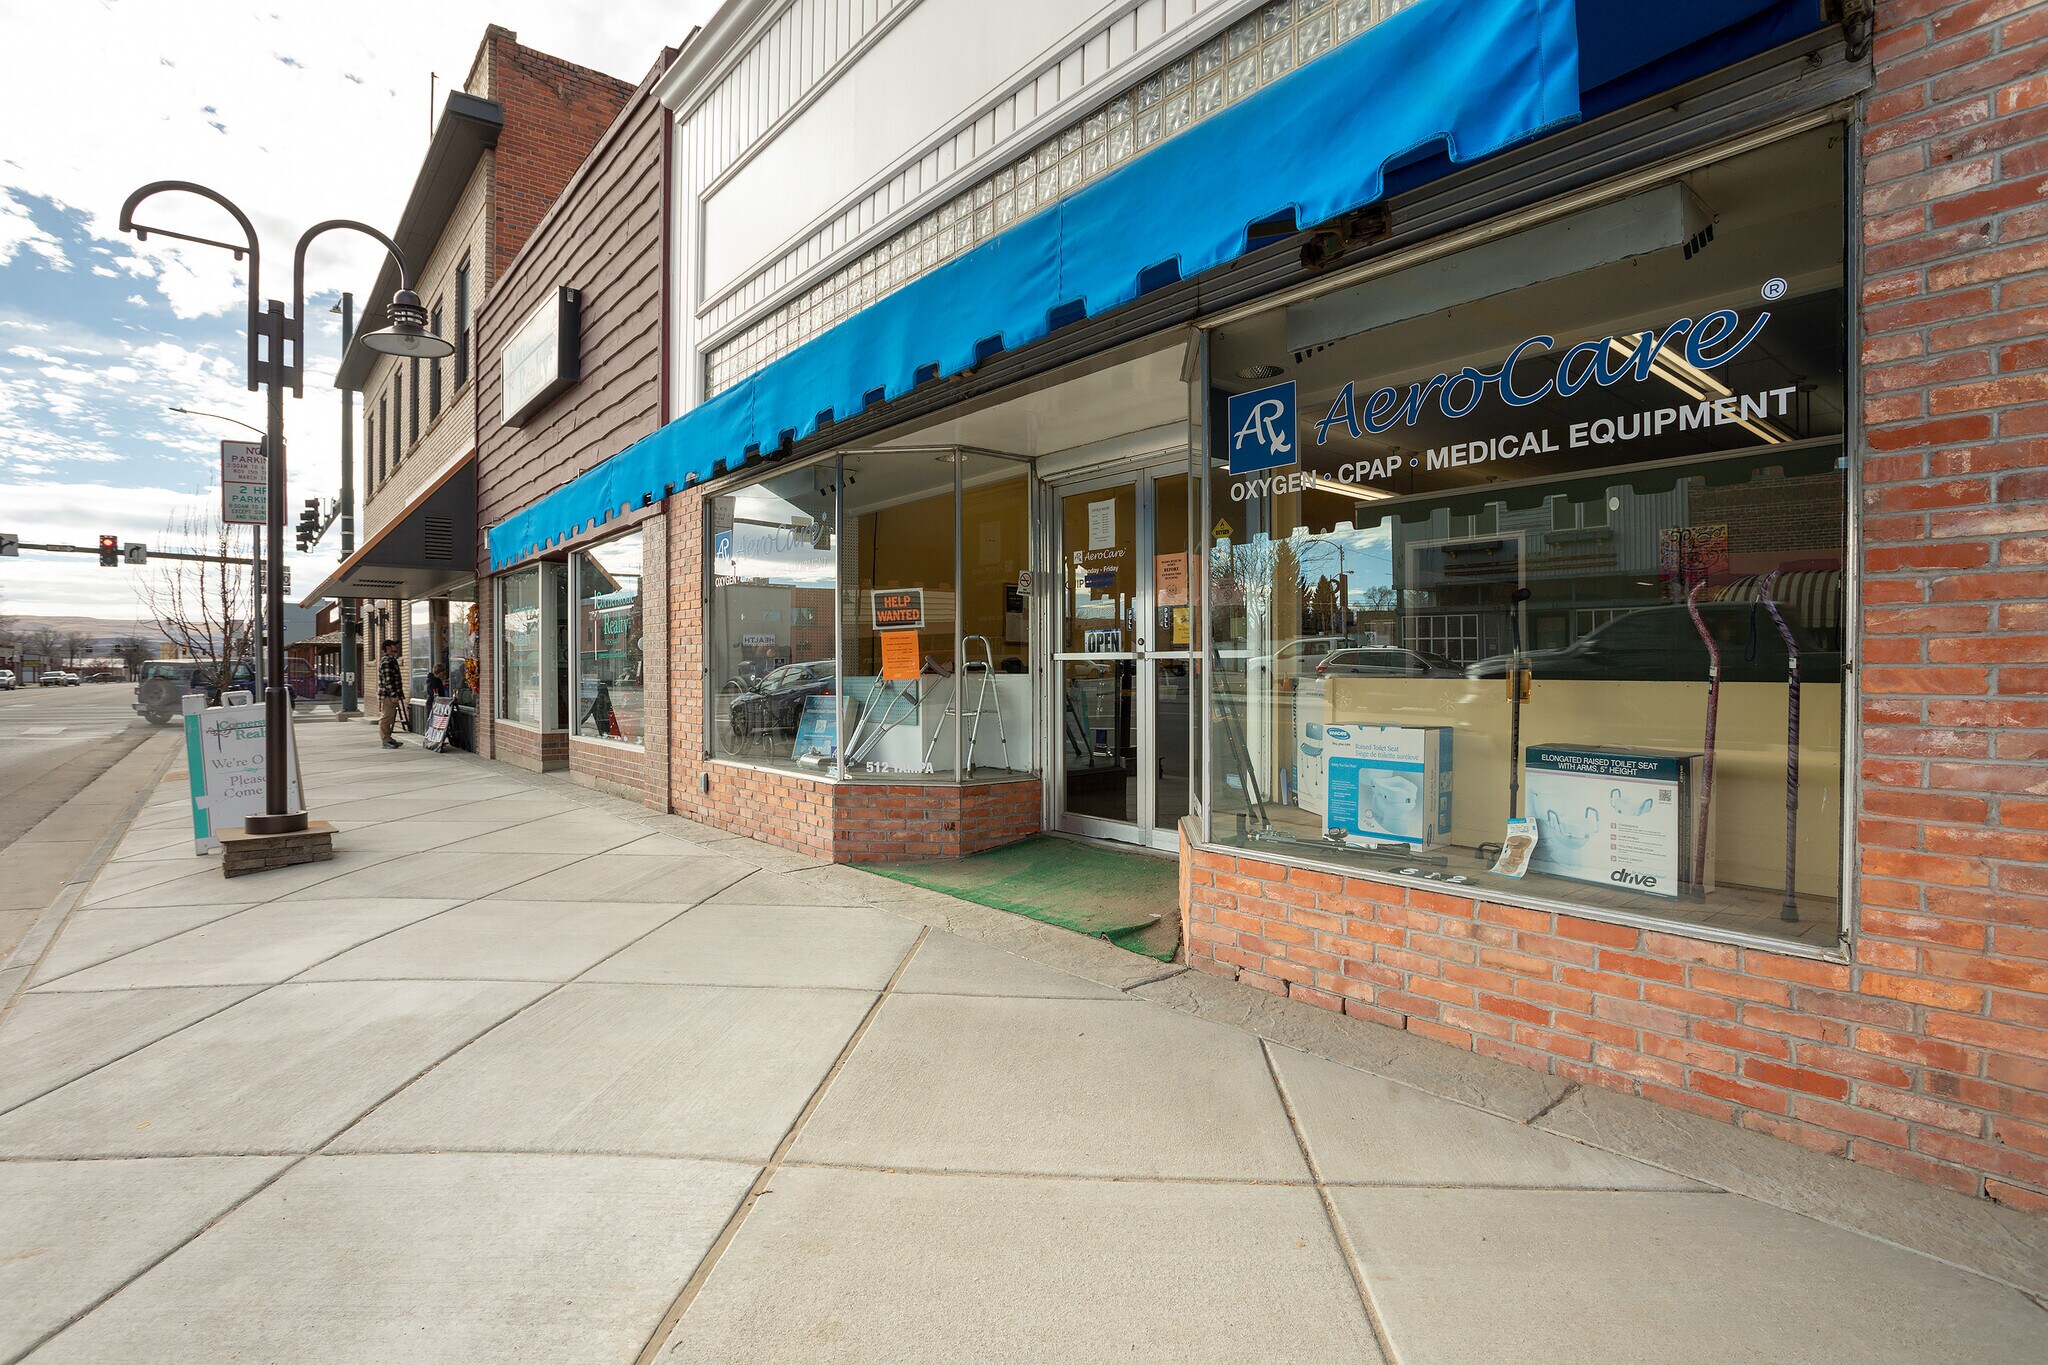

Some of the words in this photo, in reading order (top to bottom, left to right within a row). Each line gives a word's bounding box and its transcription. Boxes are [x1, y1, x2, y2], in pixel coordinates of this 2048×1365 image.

[1313, 308, 1772, 446] AeroCare
[1230, 469, 1317, 502] OXYGEN
[1338, 455, 1402, 485] CPAP
[1426, 428, 1559, 471] MEDICAL
[1569, 386, 1797, 449] EQUIPMENT
[232, 456, 266, 464] PARKI
[240, 486, 247, 494] 2
[232, 495, 266, 503] PARKI
[736, 521, 824, 557] AeroCare
[1084, 550, 1125, 561] AeroCare
[715, 576, 736, 587] OXYGEN
[884, 595, 911, 608] HELP
[877, 609, 920, 622] WANTED
[604, 612, 628, 637] Realty
[1088, 633, 1120, 652] OPEN
[235, 728, 266, 740] Real
[212, 758, 248, 768] We're
[866, 762, 889, 773] 512
[1542, 754, 1582, 764] ELONGATED
[1583, 757, 1609, 766] RAISED
[1610, 759, 1637, 768] TOILET
[1638, 761, 1658, 770] SEAT
[1609, 767, 1638, 776] HEIGHT
[224, 788, 262, 798] Come
[1611, 869, 1657, 887] drive

::::

Would you repeat the entries exactly, but with no pictures?

Some of the words in this photo, in reading order (top to bottom, left to right within a row). Each line gives a word's bounding box and its transcription. Boxes are [x1, y1, x2, y2], in pixel coordinates of this 2048×1365 image.

[1313, 308, 1772, 446] AeroCare
[1230, 469, 1317, 502] OXYGEN
[1338, 455, 1402, 485] CPAP
[1426, 428, 1559, 471] MEDICAL
[1569, 386, 1797, 449] EQUIPMENT
[232, 456, 266, 464] PARKI
[240, 486, 247, 494] 2
[232, 495, 266, 503] PARKI
[736, 521, 824, 557] AeroCare
[1084, 550, 1125, 561] AeroCare
[715, 576, 736, 587] OXYGEN
[884, 595, 911, 608] HELP
[877, 609, 920, 622] WANTED
[604, 612, 628, 637] Realty
[1088, 633, 1120, 652] OPEN
[235, 728, 266, 740] Real
[212, 758, 248, 768] We're
[866, 762, 889, 773] 512
[1542, 754, 1582, 764] ELONGATED
[1583, 757, 1609, 766] RAISED
[1610, 759, 1637, 768] TOILET
[1638, 761, 1658, 770] SEAT
[1609, 767, 1638, 776] HEIGHT
[224, 788, 262, 798] Come
[1611, 869, 1657, 887] drive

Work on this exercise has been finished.